(Entries taken from a collection)
=== Begin Enclosure ===
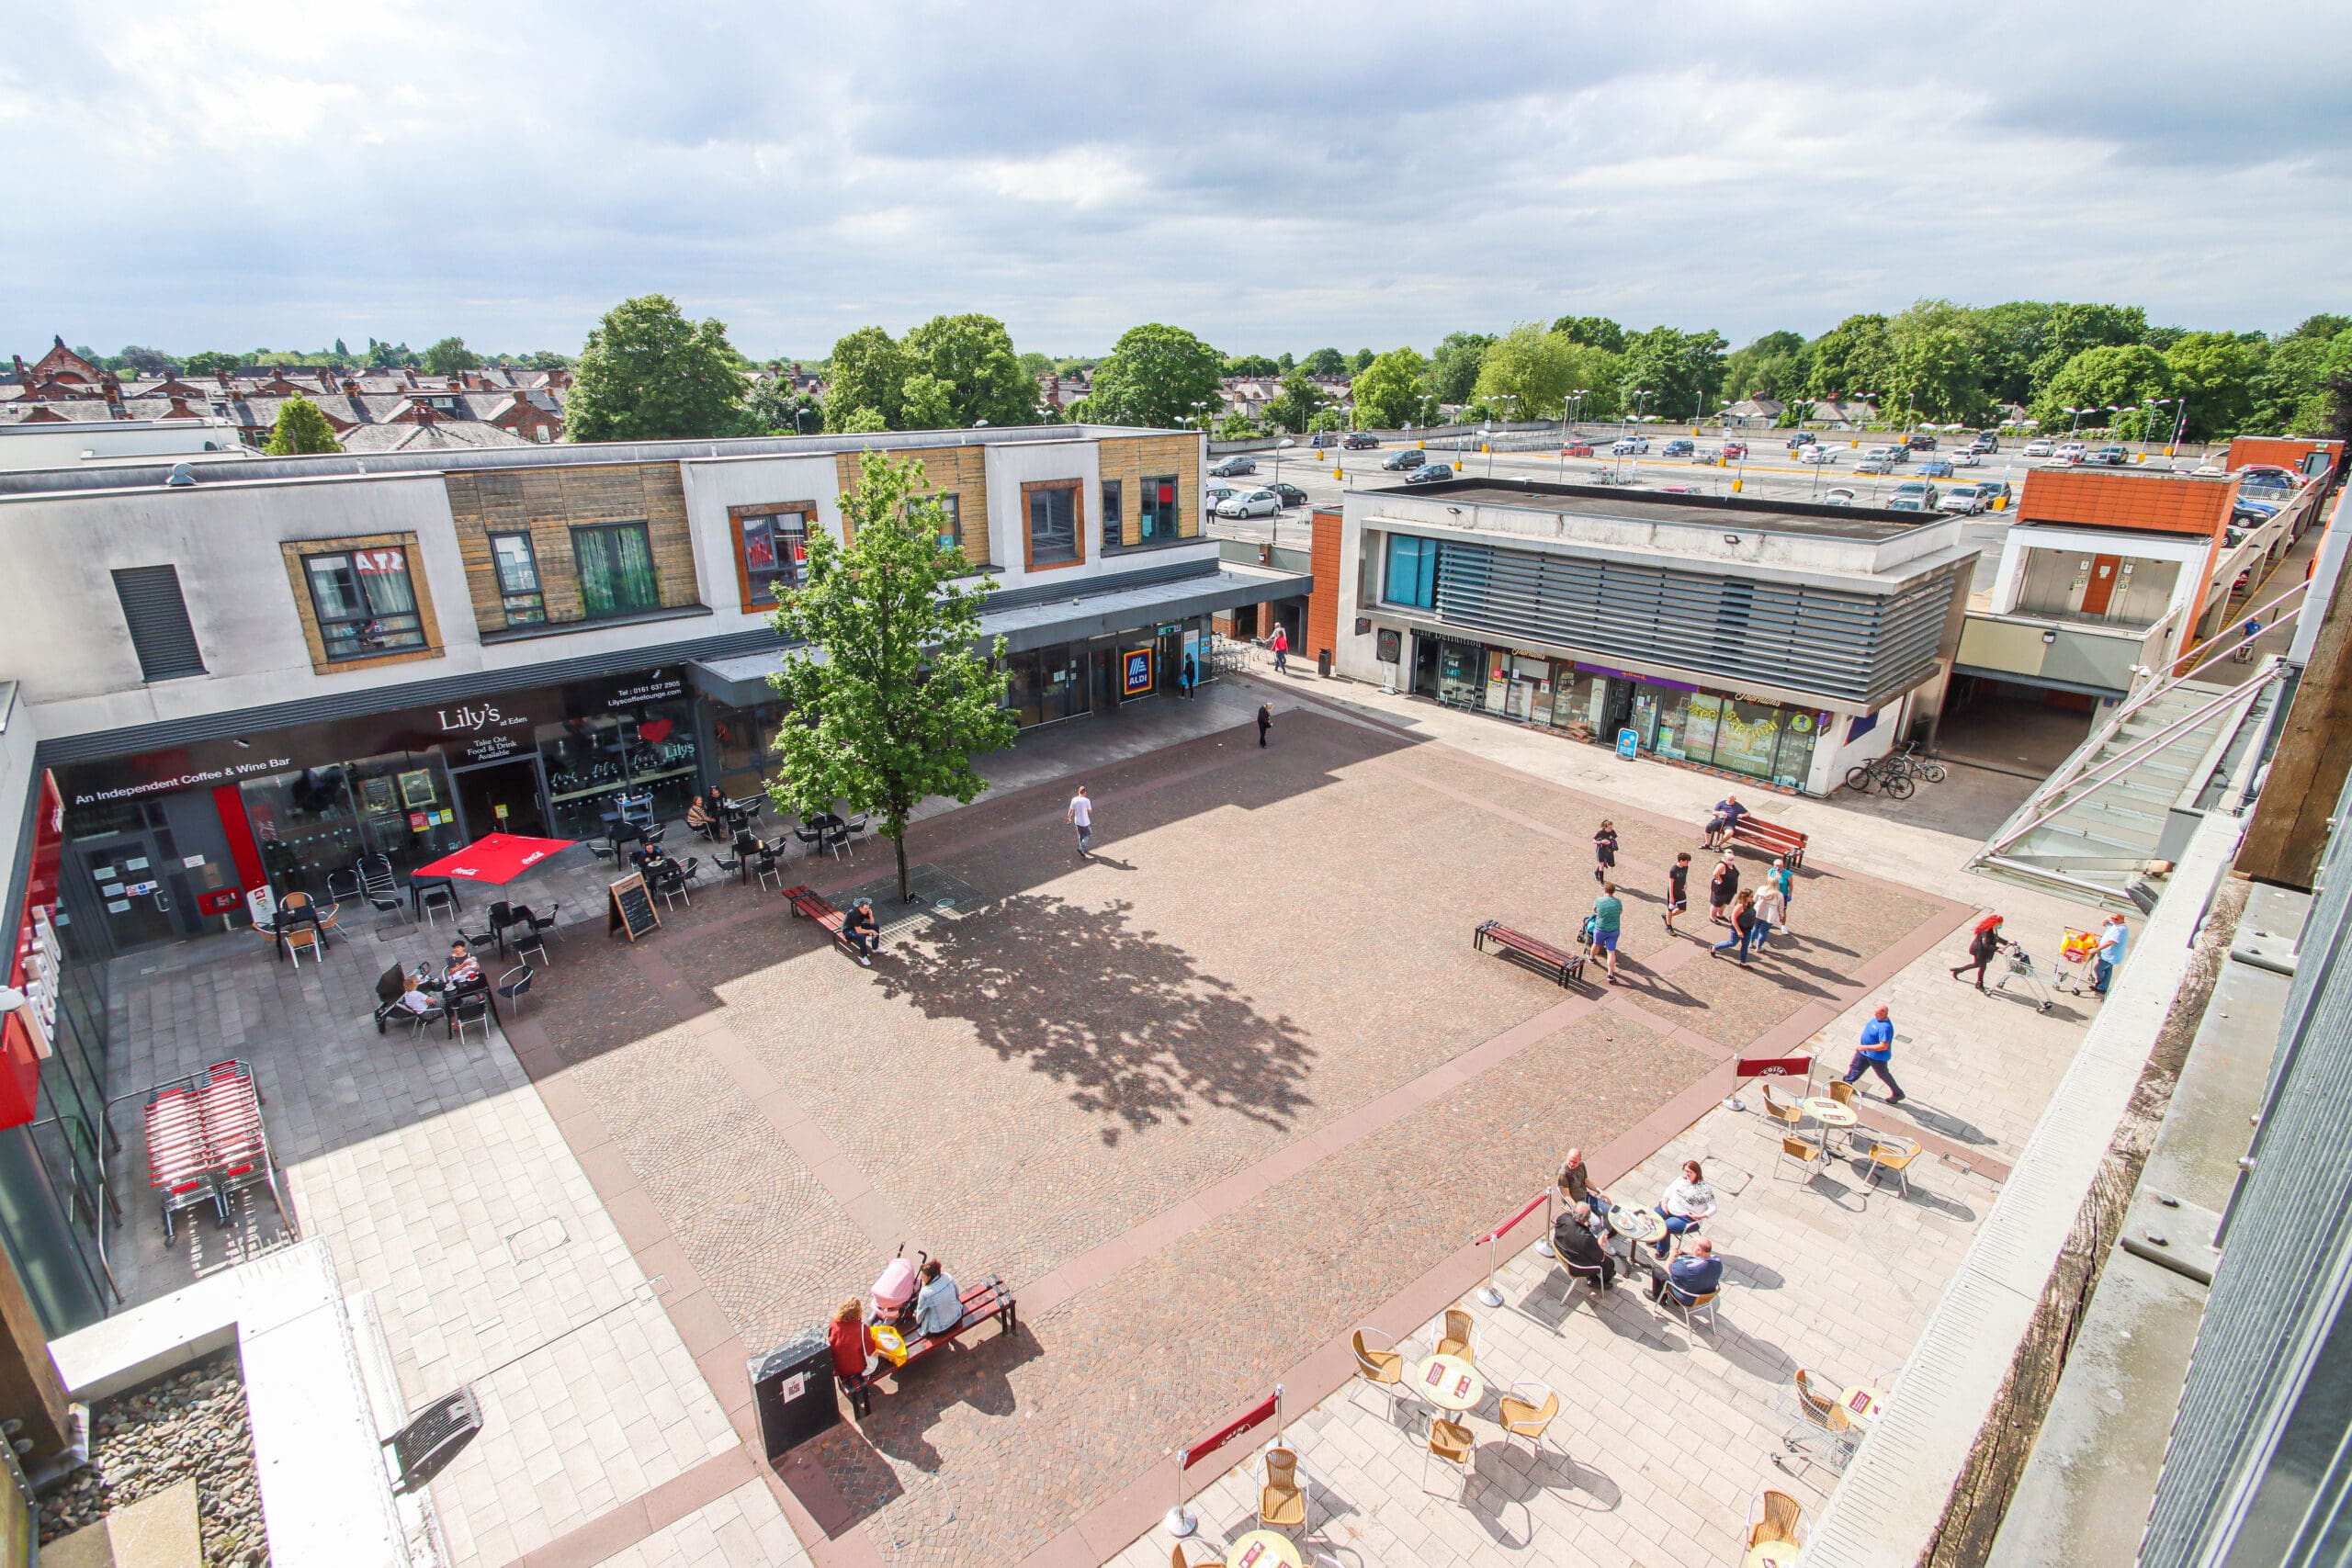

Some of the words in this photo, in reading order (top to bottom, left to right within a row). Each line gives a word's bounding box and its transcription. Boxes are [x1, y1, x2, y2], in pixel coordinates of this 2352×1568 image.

[650, 682, 662, 691] 637
[664, 680, 680, 688] 2905
[1129, 674, 1148, 686] ALDI
[608, 689, 681, 706] Lilyscoffeelounge.com
[1735, 693, 1781, 707] Thorntons
[437, 703, 501, 730] Lily's
[508, 716, 528, 726] Eden
[467, 747, 486, 756] Food
[497, 740, 517, 750] Drink
[474, 739, 492, 747] Take
[478, 750, 510, 761] Available
[75, 795, 95, 805] An
[96, 778, 178, 799] Independent
[181, 770, 222, 784] Coffee
[225, 767, 234, 776] &
[236, 761, 267, 773] Wine
[269, 757, 291, 768] Bar
[1763, 1066, 1784, 1075] COSTA
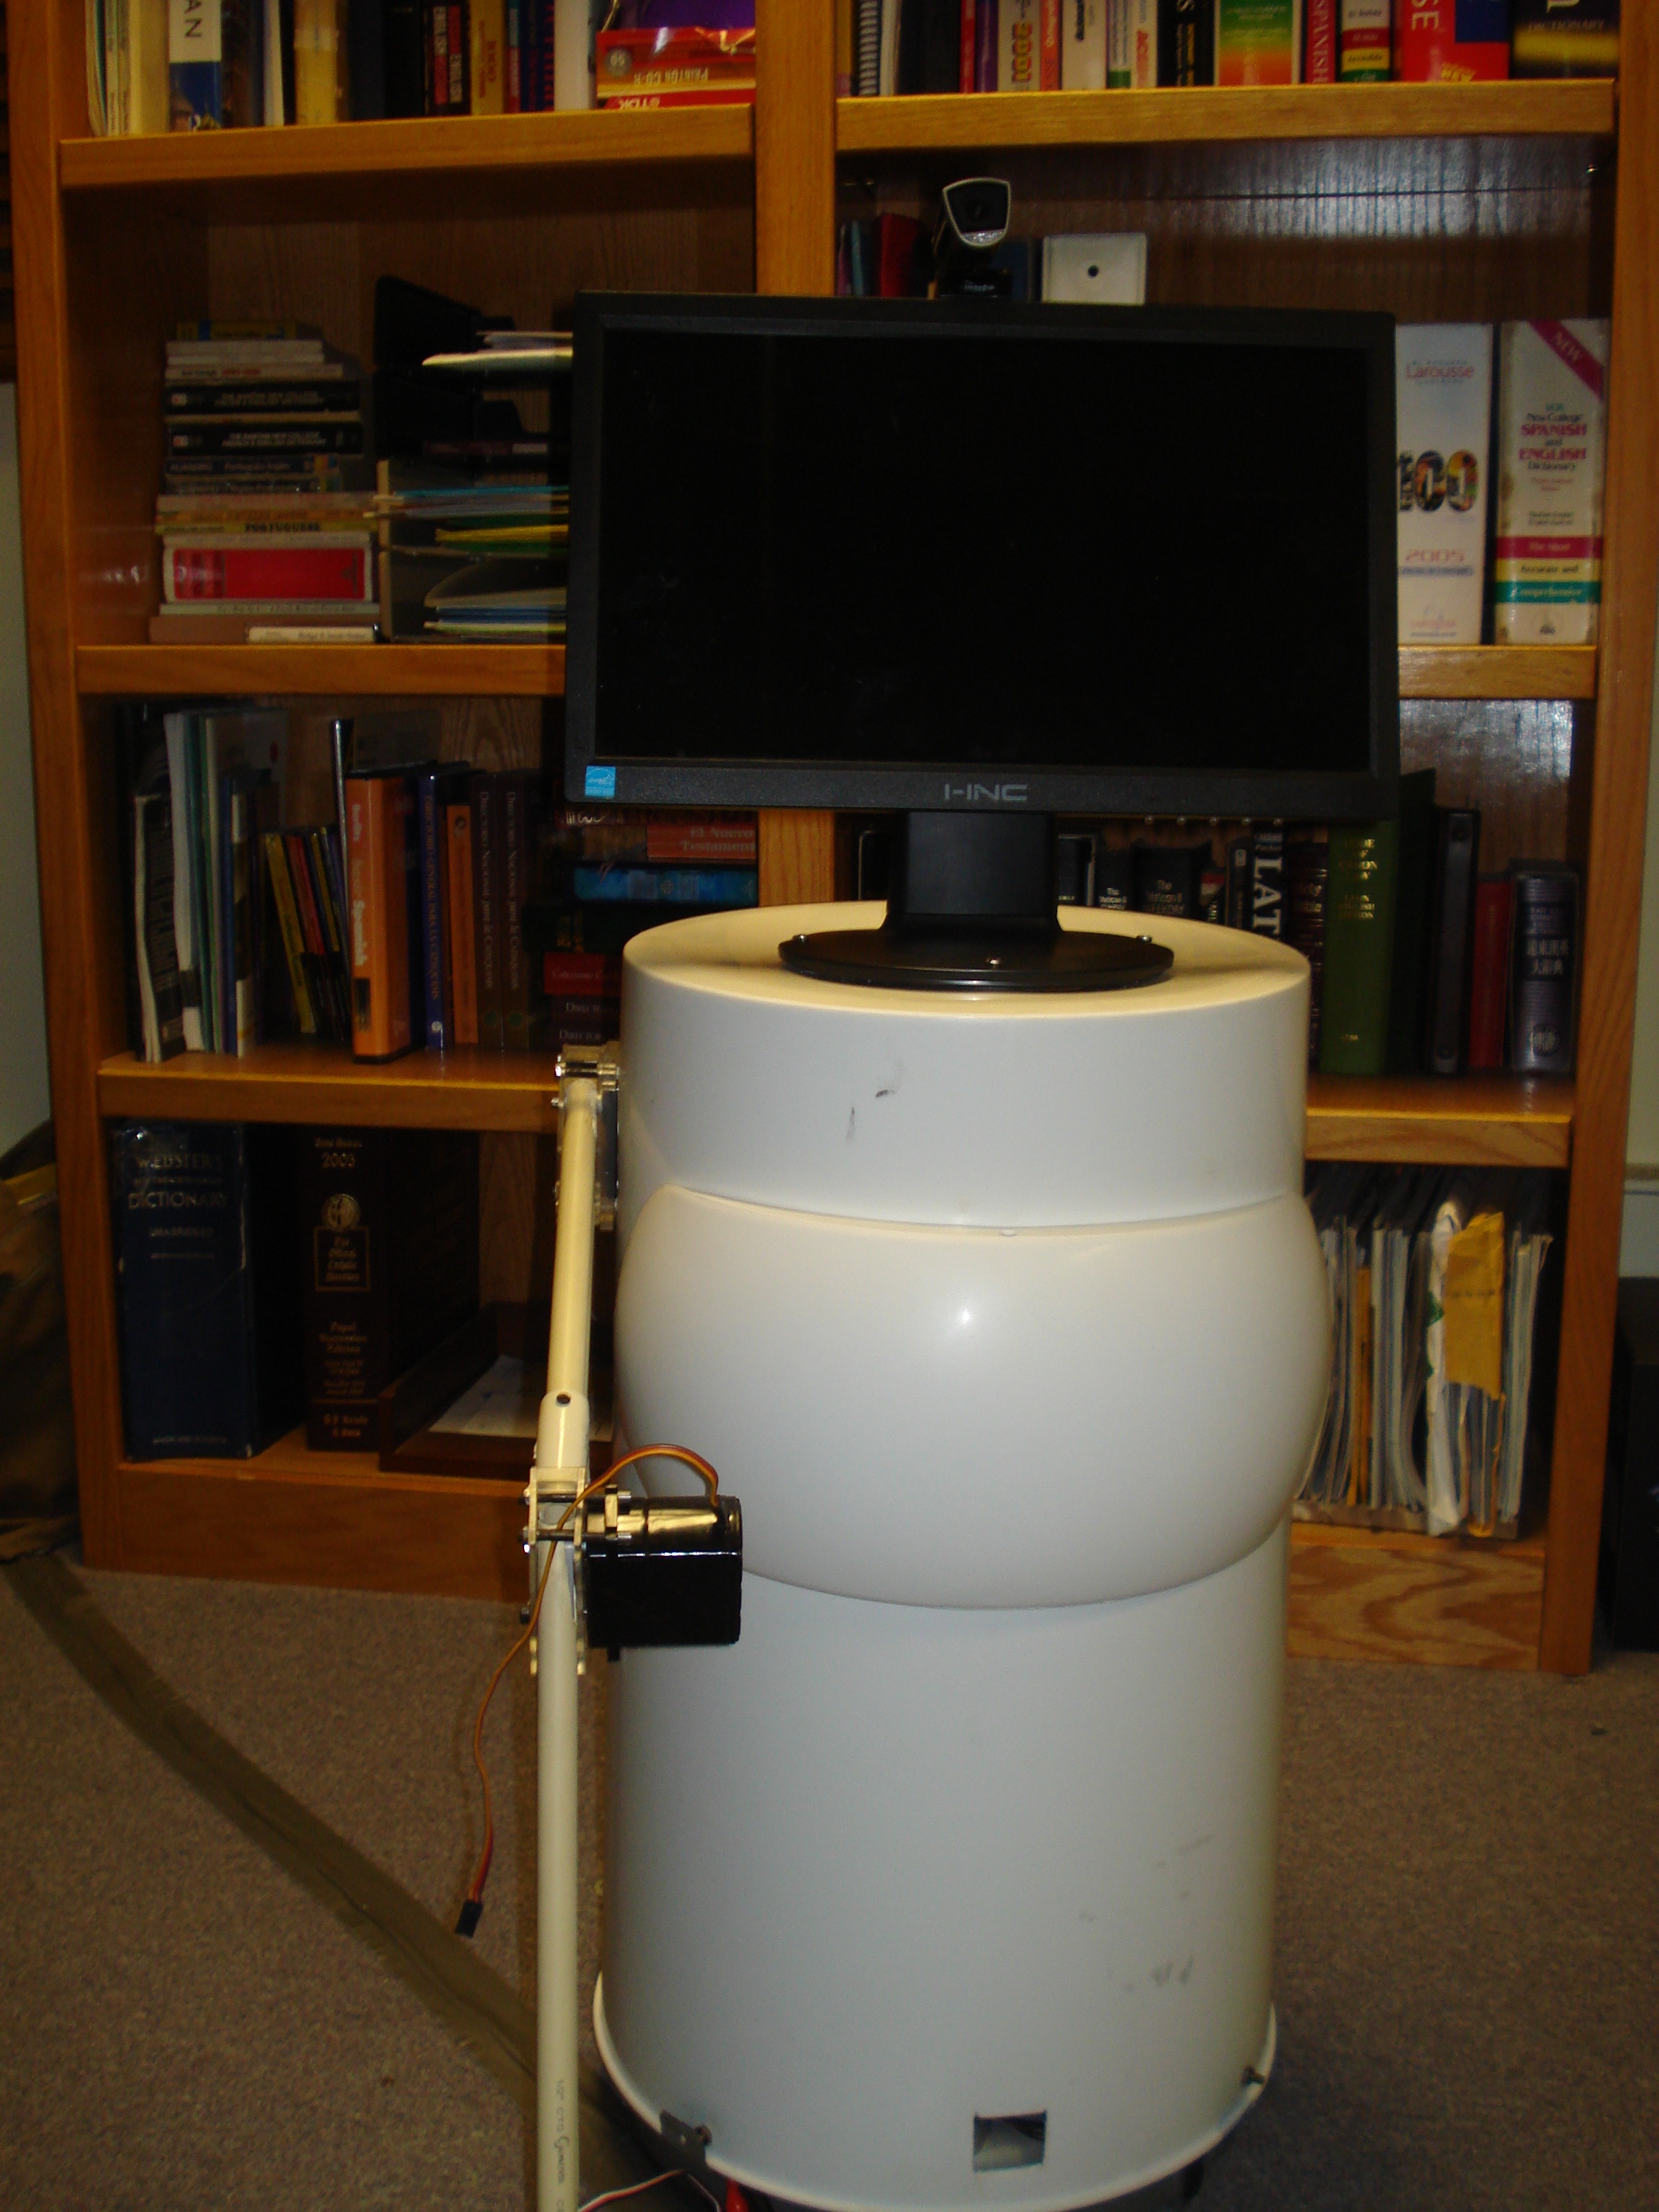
=== End Enclosure ===
* YOUR OBJECTIVE
Copy all the records above exactly, but leave out the pictures.

* RESULT OF THE EXERCISE
Some of the words in this photo, in reading order (top to bottom, left to right within a row). Each line gives a word's bounding box and its transcription. Boxes are [x1, y1, x2, y2], in pixel coordinates of this 2352×1568 image.

[650, 682, 662, 691] 637
[664, 680, 680, 688] 2905
[1129, 674, 1148, 686] ALDI
[608, 689, 681, 706] Lilyscoffeelounge.com
[1735, 693, 1781, 707] Thorntons
[437, 703, 501, 730] Lily's
[508, 716, 528, 726] Eden
[467, 747, 486, 756] Food
[497, 740, 517, 750] Drink
[474, 739, 492, 747] Take
[478, 750, 510, 761] Available
[75, 795, 95, 805] An
[96, 778, 178, 799] Independent
[181, 770, 222, 784] Coffee
[225, 767, 234, 776] &
[236, 761, 267, 773] Wine
[269, 757, 291, 768] Bar
[1763, 1066, 1784, 1075] COSTA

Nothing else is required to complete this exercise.